Have one extra.. Can't ya just smell it


----------



## kev2126 (Apr 14, 2006)

fin&feather said:


> Have one extra.. Can't ya just smell it
> View attachment 502215


Wow Fin.... You suck! :biggrin:

But that sure looks tasty!


----------



## kev2126 (Apr 14, 2006)

Ranger373V said:


> Boom. Straight and to the point. I like it, Kev! For that, I commend you! LOL!
> 
> In response- I charge 300 for a full day, and 200 for a half day, up to two people. Please bring your own license, rain gear, and any other non-alchoholic beverages you prefer. I will provide all gear, tackle, and necessary saftey equipment.
> One stipulation- we will travel in a blacked out vehicle to our destination, and you must fish blindfolded until our return trip in same aforementioned vehicle.
> LMAO!!!!:cheers:


Do we also get our memory erased with the gadget from Men in Black? LMAO! :rotfl:


----------



## That Robbie Guy (Aug 11, 2009)

Ranger373V said:


> If you would like to go sometime, turn on your PMs, get to know me, and let's fish sometime. Until then I really don't feel comfortable (as about 95% of the others that use this site) just throwing my fishing locations out on the table.
> Thanks!


Can't beat that - pretty fair offer right there.


----------



## GoneFish'n (Jan 8, 2010)

*Thanks Ranger*

I enjoyed all this Tilapia talk. I appreciate your generosity is sharing all your information. I'm still using the one you put out last year about how to rig the diver! 
thanks again
GoneFish'n
Charlie


----------



## Ranger373V (Jun 26, 2011)

GoneFish'n said:


> I enjoyed all this Tilapia talk. I appreciate your generosity is sharing all your information. I'm still using the one you put out last year about how to rig the diver!
> thanks again
> GoneFish'n
> Charlie


Thank you, Charlie! I'm glad to hear that! Working on an adjustable jet diver...will post when I have it worked out.


----------



## richg99 (Aug 21, 2004)

Thanks for posting. Every now and then I get to Fayette. I am targeting LM bass, of course, but often watch guys cast netting fish along the shorelines. I've been told that they are cast-netting Tilapia. Next time I get there, I may have some bread and an ultra light rod along. 

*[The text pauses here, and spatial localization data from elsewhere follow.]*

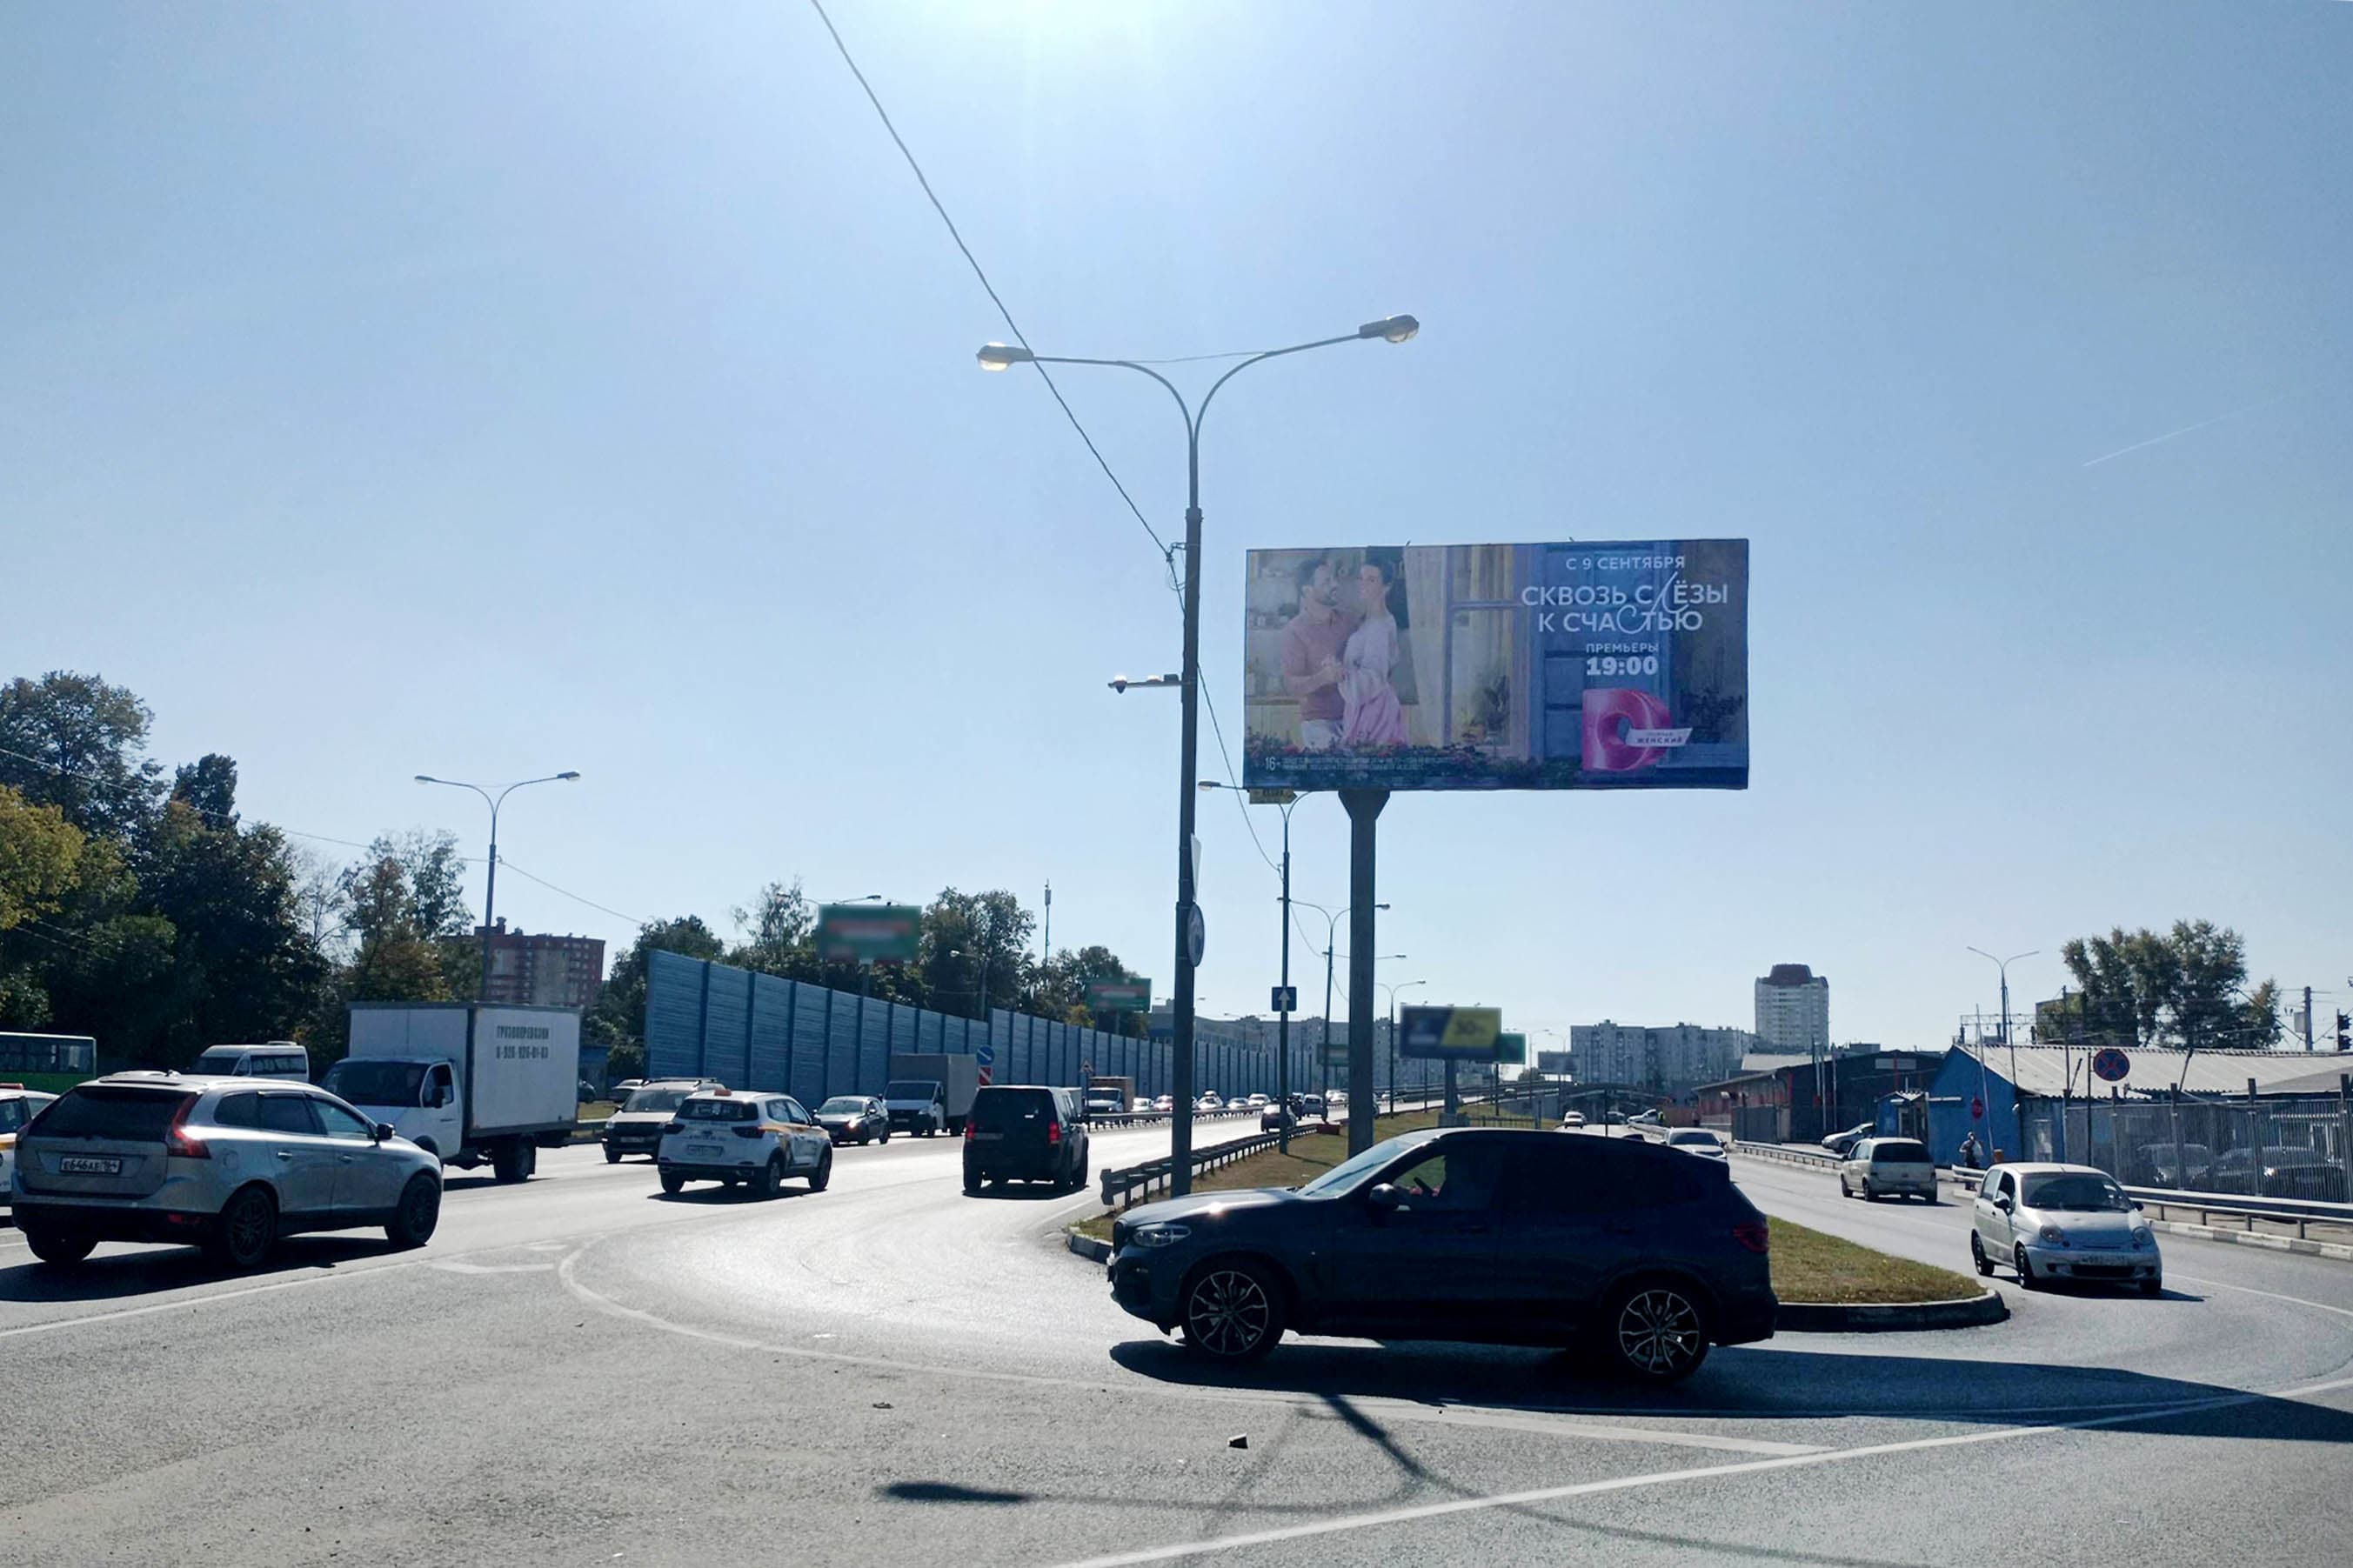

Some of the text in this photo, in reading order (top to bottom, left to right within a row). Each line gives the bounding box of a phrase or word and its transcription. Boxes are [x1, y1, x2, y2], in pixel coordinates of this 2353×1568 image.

[1566, 556, 1686, 570] С 9 СЕНТЯБРЯ
[1521, 571, 1728, 614] СКВОЗЬ СЛЁЗЫ
[1538, 604, 1703, 634] К СЧАСТЬЮ
[1586, 643, 1660, 653] ПРЕМЬЕРЫ
[1586, 656, 1659, 676] 19:00

I don't normally bring anything back, but might be tempted to do so from this post. thanks Rich


----------



## Ranger373V (Jun 26, 2011)

richg99 said:


> Thanks for posting. Every now and then I get to Fayette. I am targeting LM bass, of course, but often watch guys cast netting fish along the shorelines. I've been told that they are cast-netting Tilapia. Next time I get there, I may have some bread and an ultra light rod along.
> 
> I don't normally bring anything back, but might be tempted to do so from this post. thanks Rich


Rich- I've fished Fayette more times that I care to count, most always for Bass. A few times, we had the bright idea to try cast netting some Tilapia. Not worth the effort, if you ask me. Fayette water clarity didn't lend itself to that idea. Spooked most every one of them as we got close enough to throw the net.

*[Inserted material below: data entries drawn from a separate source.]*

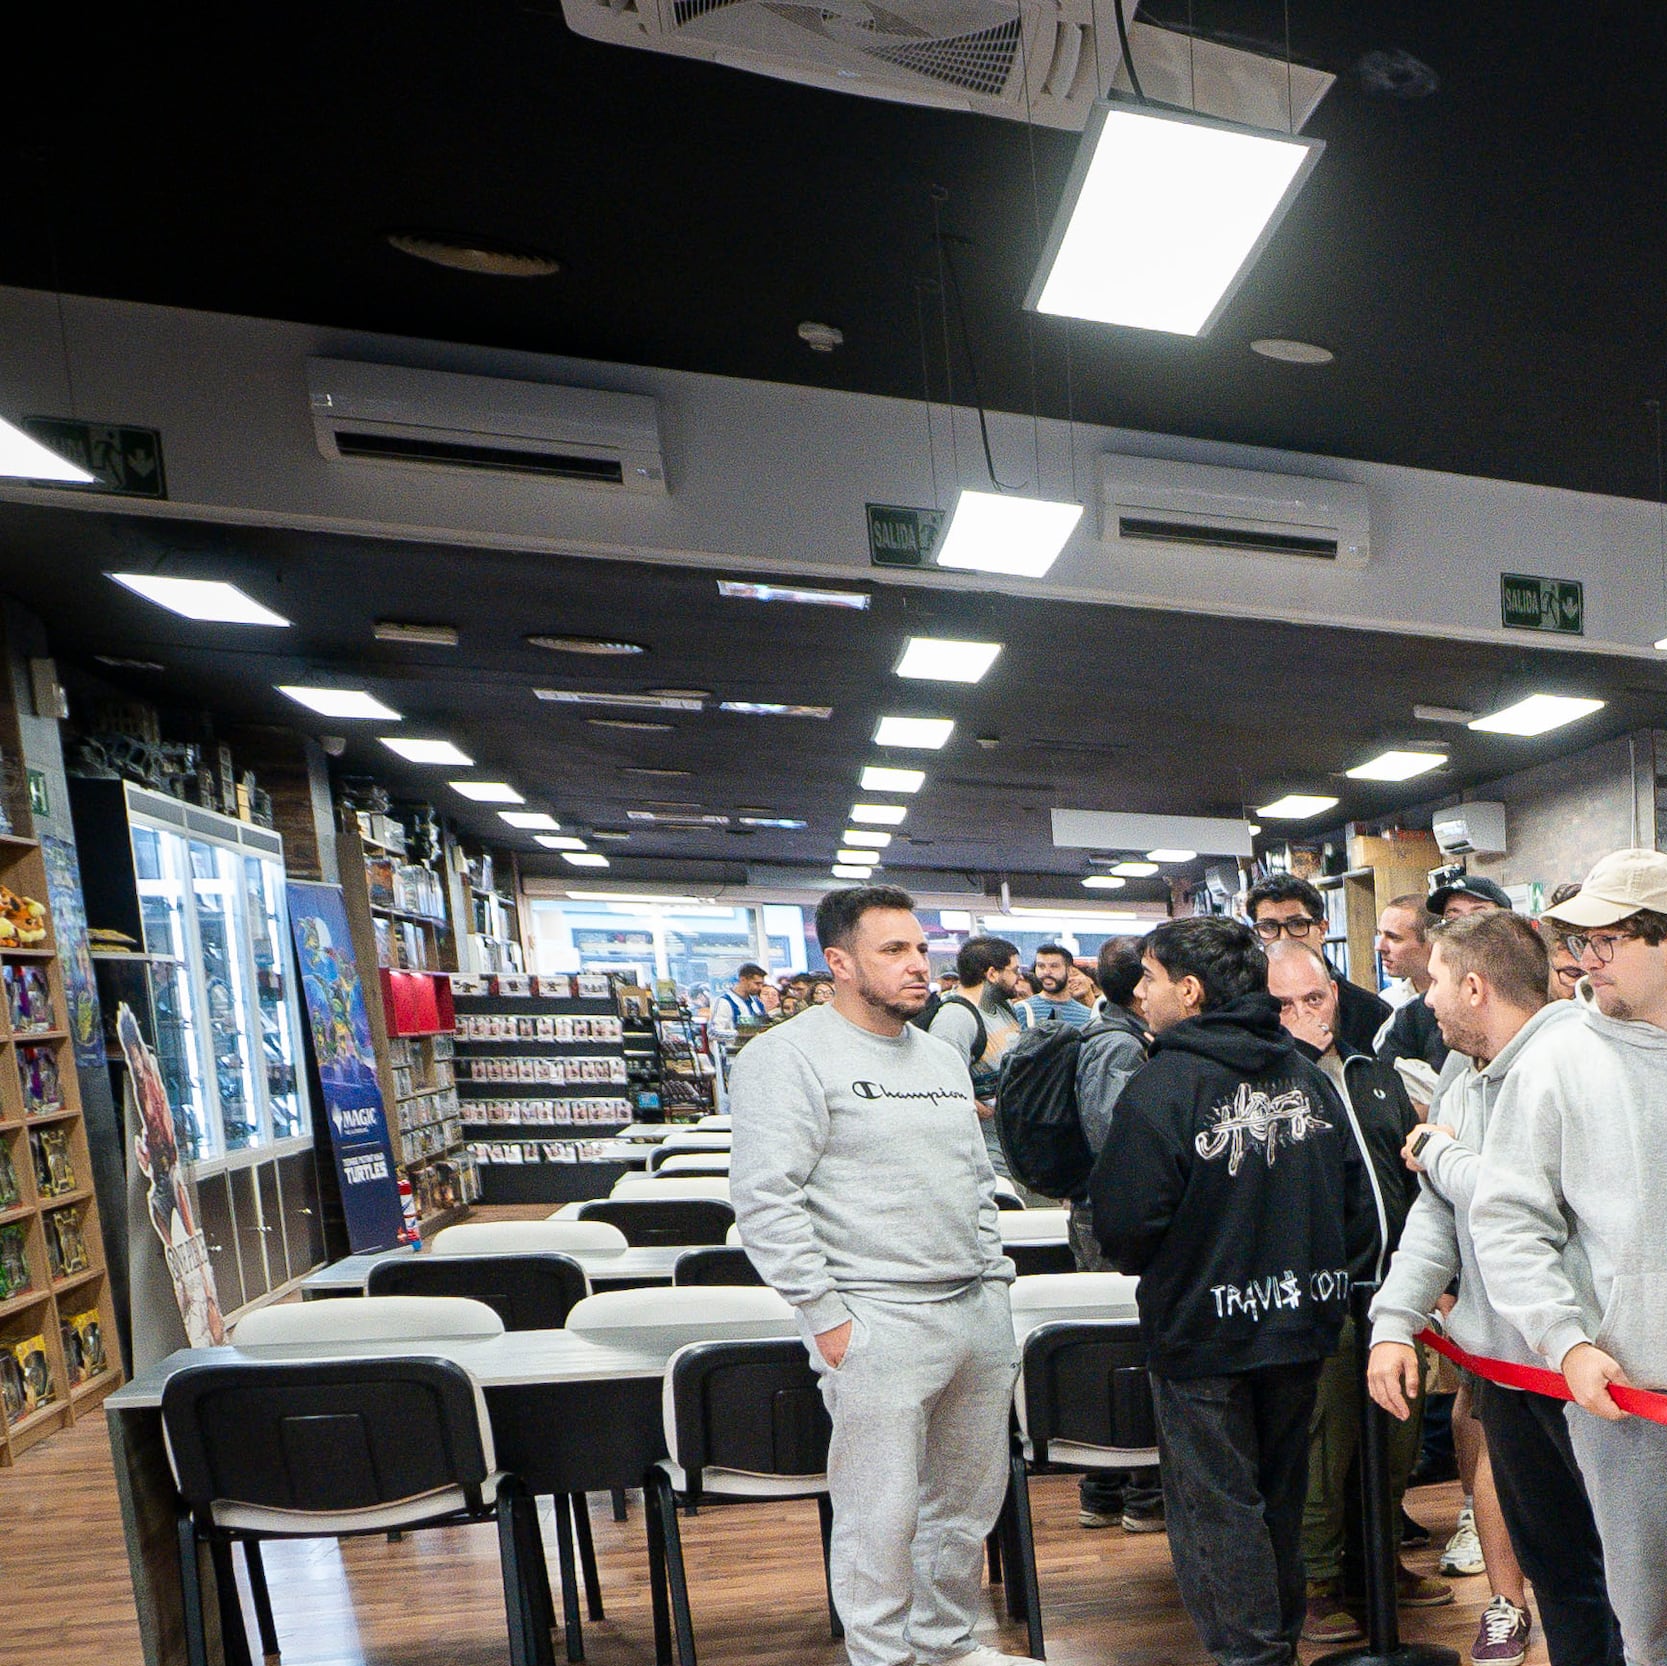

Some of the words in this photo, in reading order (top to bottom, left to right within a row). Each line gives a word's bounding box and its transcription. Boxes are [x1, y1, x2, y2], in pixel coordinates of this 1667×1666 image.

[873, 519, 919, 549] SALIDA
[1505, 587, 1540, 615] SALIDA
[851, 1079, 969, 1107] Champion
[342, 1107, 378, 1127] MAGIC
[343, 1158, 389, 1185] TURTLES

I have caught more with a DD22 in the cold water intake and the discharge than I could have EVER caught in a cast net. (And yes, I can throw a cast net.) LOL

Maybe you would have better luck. We didn't pursue it TOO hard, we just went back to catching big fish out deep.


----------



## richg99 (Aug 21, 2004)

OH, sorry if I confused you. I have NO THOUGHT WHAT-SO-EVER to cast-net for the Tilapia. I'll leave that to the young bucks ( I am 72). 

I might, however, throw a piece of bread on a #10 hook under a cork for the fun of it. ANY fish pulling on the end of my line makes me smile. Rich


----------



## Ranger373V (Jun 26, 2011)

richg99 said:


> OH, sorry if I confused you. I have NO THOUGHT WHAT-SO-EVER to cast-net for the Tilapia. I'll leave that to the young bucks ( I am 72).
> 
> I might, however, throw a piece of bread on a #10 hook under a cork for the fun of it. ANY fish pulling on the end of my line makes me smile. Rich


Ha ha! No, Rich. Didn't get that impression. Just stating my failure with corralling them critters with a net. The bread or meal worms might work if the Bluegills don't beat the Tilapia to it...


----------



## richg99 (Aug 21, 2004)

I am up in the Frozen North ( ILL?WISC....90 #$#% degrees every day). Anything that bites will make my day when I get back in October. Ha Ha Rich


----------